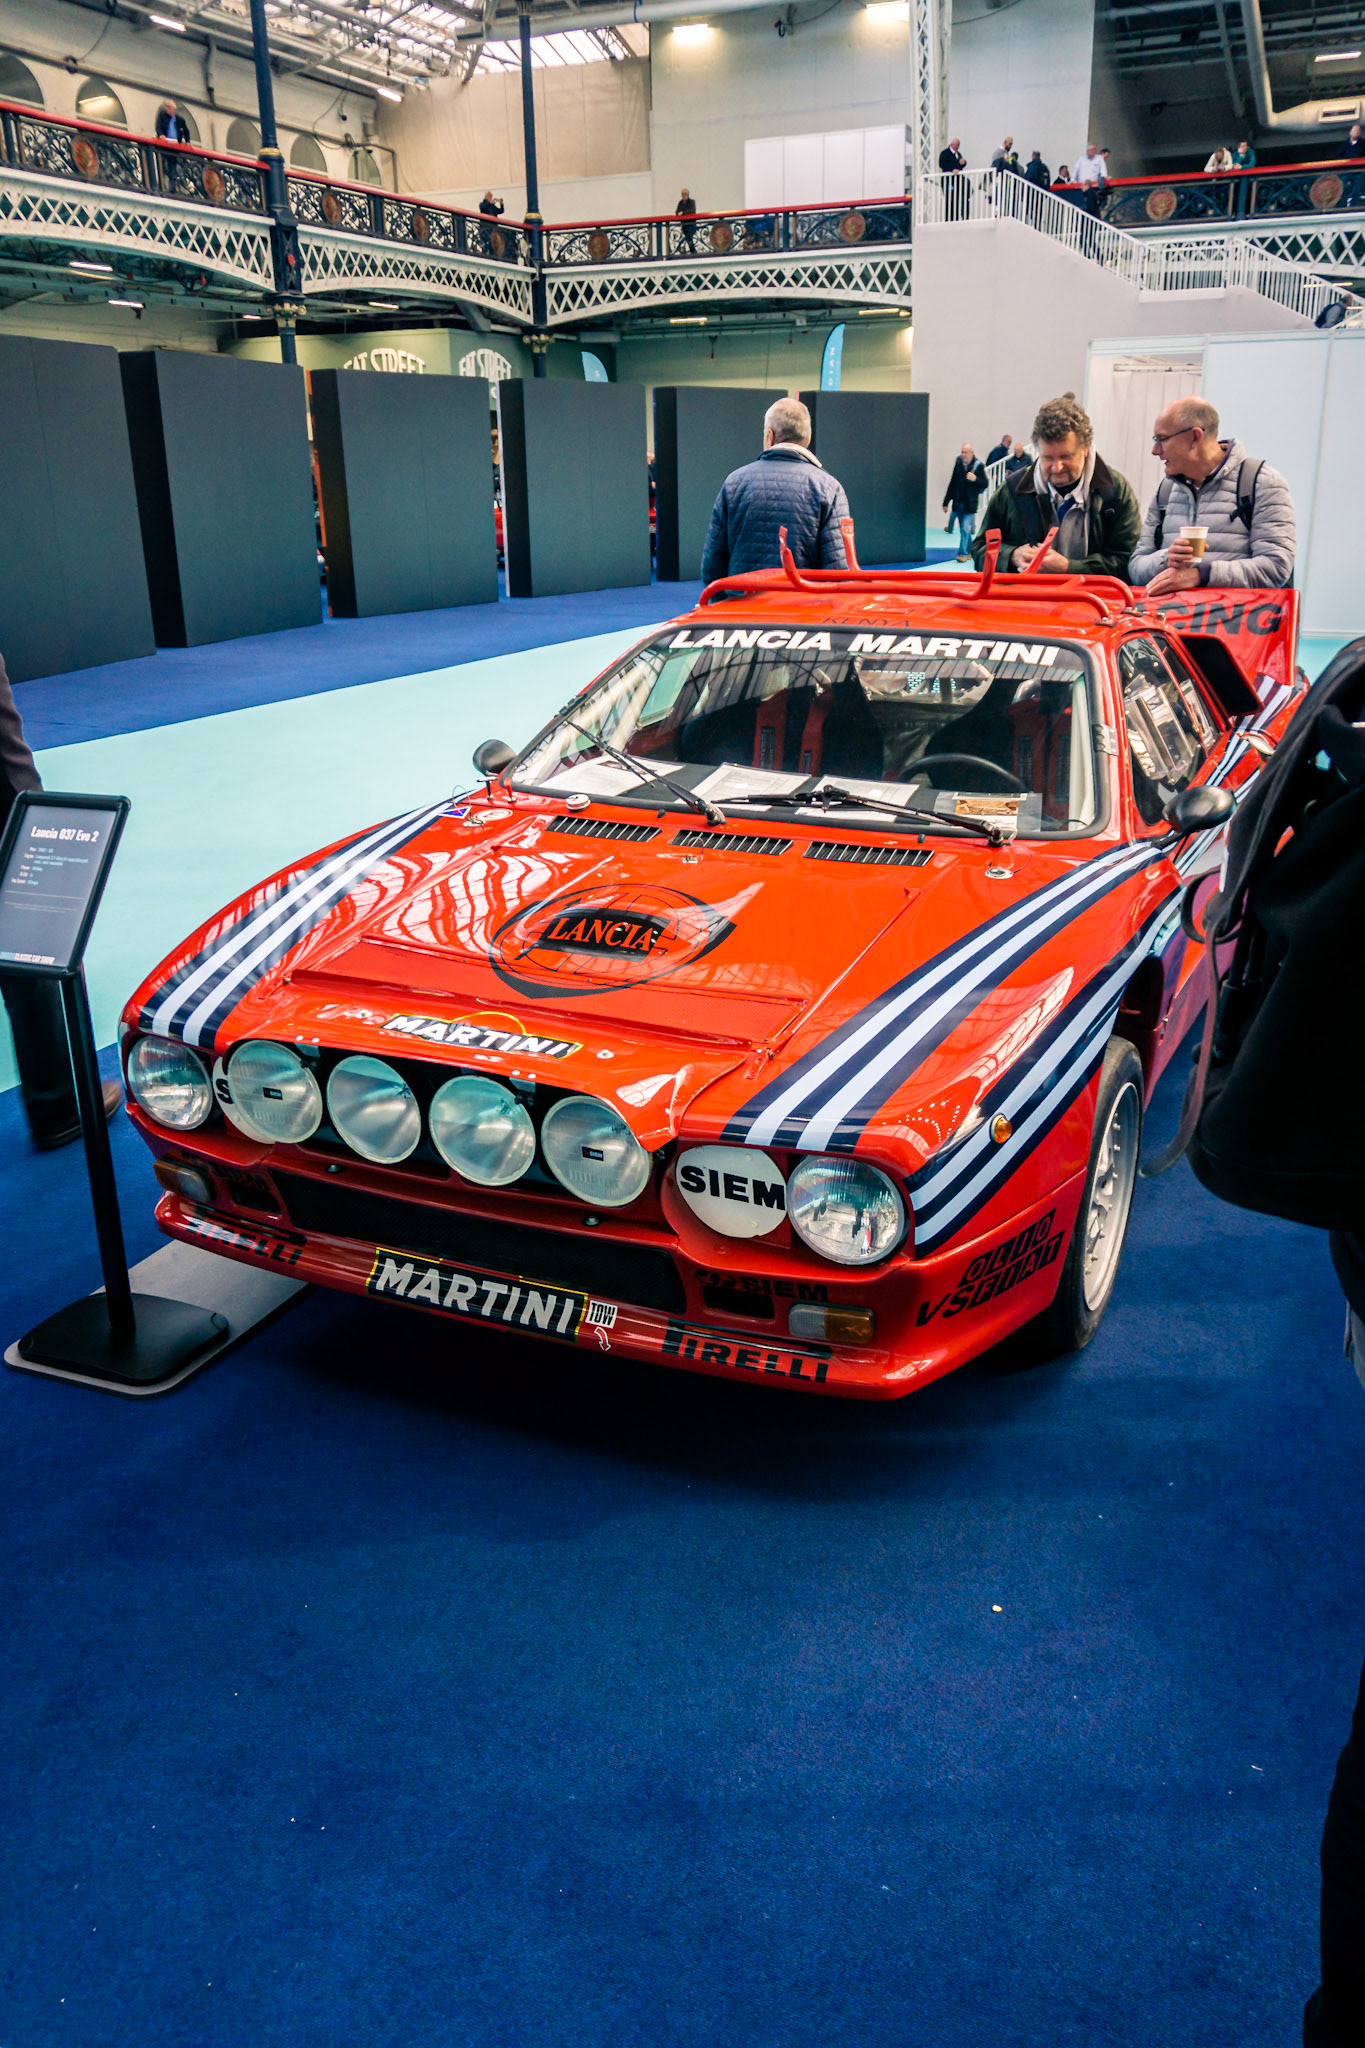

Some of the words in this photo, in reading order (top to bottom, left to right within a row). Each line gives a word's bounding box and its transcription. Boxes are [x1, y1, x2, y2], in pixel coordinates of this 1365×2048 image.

[669, 629, 832, 651] LANCIA
[847, 634, 1060, 666] MARTINI
[30, 825, 58, 839] Lancia
[59, 828, 76, 840] 037
[76, 830, 91, 841] Evo
[91, 830, 99, 842] 2
[547, 917, 654, 951] LANCIA
[383, 1016, 572, 1055] MARTINI
[680, 1165, 786, 1211] SIEM
[959, 1209, 1055, 1287] OLIO
[375, 1257, 575, 1334] MARTINI
[740, 1277, 828, 1302] SIEM
[588, 1302, 617, 1327] TOW
[661, 1318, 832, 1384] PIRELLI
☆ ☆ ☆
**ACTION ITEM**
The answer should consist of every line above, exact and free of images.

**YOUR RESPONSE**
Some of the words in this photo, in reading order (top to bottom, left to right within a row). Each line gives a word's bounding box and its transcription. Boxes are [x1, y1, x2, y2], in pixel coordinates of this 1365×2048 image.

[669, 629, 832, 651] LANCIA
[847, 634, 1060, 666] MARTINI
[30, 825, 58, 839] Lancia
[59, 828, 76, 840] 037
[76, 830, 91, 841] Evo
[91, 830, 99, 842] 2
[547, 917, 654, 951] LANCIA
[383, 1016, 572, 1055] MARTINI
[680, 1165, 786, 1211] SIEM
[959, 1209, 1055, 1287] OLIO
[375, 1257, 575, 1334] MARTINI
[740, 1277, 828, 1302] SIEM
[588, 1302, 617, 1327] TOW
[661, 1318, 832, 1384] PIRELLI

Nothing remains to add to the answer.